AVANT-GARDE, No. 4, September 1968

Filed under: Art, Literary magazines, Sex and sexual freedom — Brian Horrigan @ 9:08 pm

avantgarde-tookerHigh Art– and high-class erotica

Wander through cyberspace looking for “Avant-Garde,” and you’re likely to encounter more about it as the name of the typeface invented for this magazine than for the magazine itself.  Neither the typeface nor the magazine lasted very long:  Avant-Garde (the hyphen was not in the logo, but was in the fine print) began publication in January 1968 and ended just 15 issues later, in July 1971.  So to call 1968 the “high-water mark” of Avant-Garde would be kind of obvious.  It’s also described as a “hardbound” periodical, which is not quite true–more like a thick version of a paperback book cover.  But that was enough to set it apart from, say, LIFE or Time or Art News, and to mark it as High Art, something to save and display on a coffee table, next to the water-pipe, perhaps.  There is real art, in abundance:  one of Avant-Garde’s most famous issues included a vast survey of Picasso’s erotic drawings.  The September 1968 issue (pictured here) features work by American artist George Tooker, including his 1965-66 “Landscape with Figures” on the cover–as haunting an image of modern alienation as ever produced.  And thrust onto the cover of a later 1968 issue is an astounding pair of breasts by Pop-Art star Tom Wesselman.

avantgarde-wesselman

Knowing it when you see it?

The man behind “Avant-Garde” the Typeface was famed graphic designer Herb Lubalin.  The man behind Avant-Garde editorially was Ralph Ginzburg, a great Sixties character who had by this time served eight months in federal prison on a conviction (1963) of distributing obscene literature through the mails in a case that had gone all the way to the Supreme Court.  (The original indictment had been brought by Attorney General Robert F. Kennedy.)  The conviction involved previous publications (such as his EROS magazine), but that doesn’t mean that Ginzburg, in Avant-Garde, gave up on material that many people probably considered at least soft-core (did we even have that term in 1968?) porn.  There’s a color-photo story in this issue on New York’s “Playhouse of the Ridiculous,” a very downtown avant-garde theatrical troupe, who engaged in wild “happenings”-like performances and onstage sex simulations.  Another color spread spotlights a ”Voodoo ritual dance,” executed by a voluptuous Caribbean dancer, nude save for well-placed props (live chicken, a human skull).   There’s a story by a female writer about a spectacularly endowed “Haitian Negro” male performer in a sex exhibition she saw in Cuba in the 1950s.  And there’s a calendar for 1969 that consists of 12 different cleverly set up photo shoots, each of them with bare-breasted women on prominent display.

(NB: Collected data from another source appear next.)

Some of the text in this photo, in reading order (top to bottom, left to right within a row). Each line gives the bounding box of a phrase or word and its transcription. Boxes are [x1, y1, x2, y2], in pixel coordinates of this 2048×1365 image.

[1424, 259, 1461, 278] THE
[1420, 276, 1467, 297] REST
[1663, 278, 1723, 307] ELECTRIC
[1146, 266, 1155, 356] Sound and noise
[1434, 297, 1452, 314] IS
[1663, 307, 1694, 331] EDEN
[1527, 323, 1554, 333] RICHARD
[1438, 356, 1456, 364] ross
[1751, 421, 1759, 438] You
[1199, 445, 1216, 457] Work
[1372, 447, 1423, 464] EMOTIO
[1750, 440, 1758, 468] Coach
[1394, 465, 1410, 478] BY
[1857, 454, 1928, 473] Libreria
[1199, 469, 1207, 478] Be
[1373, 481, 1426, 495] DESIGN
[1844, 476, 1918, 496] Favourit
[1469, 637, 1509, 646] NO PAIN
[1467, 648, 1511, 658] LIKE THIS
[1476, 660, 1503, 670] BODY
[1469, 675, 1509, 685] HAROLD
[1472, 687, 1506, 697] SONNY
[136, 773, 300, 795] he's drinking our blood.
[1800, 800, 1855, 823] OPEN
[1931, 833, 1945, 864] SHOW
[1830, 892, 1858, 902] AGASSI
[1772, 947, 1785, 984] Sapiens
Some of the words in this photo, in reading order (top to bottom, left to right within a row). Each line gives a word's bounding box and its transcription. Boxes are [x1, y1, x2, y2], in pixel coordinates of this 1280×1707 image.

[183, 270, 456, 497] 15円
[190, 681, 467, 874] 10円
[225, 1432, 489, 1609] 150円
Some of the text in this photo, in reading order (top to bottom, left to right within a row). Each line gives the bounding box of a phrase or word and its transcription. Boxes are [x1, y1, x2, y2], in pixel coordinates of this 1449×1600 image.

A hawk’s story of why he wants to kill

But the most arresting story has nothing to do with sex. It’s “The Battle Hymn of Jeffrey Weinper,” a non-fiction article by “a young hawk who tells why he quit college to slaughter in Vietnam.”   Jeffrey enlisted in the Airborne in July 1967, and writes:  ”Curiosity was a major reason for my enlistment . . . I am not enthused over the Vietnam War, but it is the place where I can go and kill people and they me. . . . The persistence of human violence . . . leads me to doubt the condemnation of war more than the phenomenon itself. . . . It may be that at some time, man will lose all his aggressiveness, rip off all his clothes, and spend his day dragging pot and sticking his finger in his navel.  The day of Hippie Heaven and Universal Love may come, but when they do, man will no longer be man but something else.”

A black box on the same page announced that “as this issue was going to press,” Avant-Garde learned that Pfc. Jeffrey Weinper had been killed near Hue in South Vietnam.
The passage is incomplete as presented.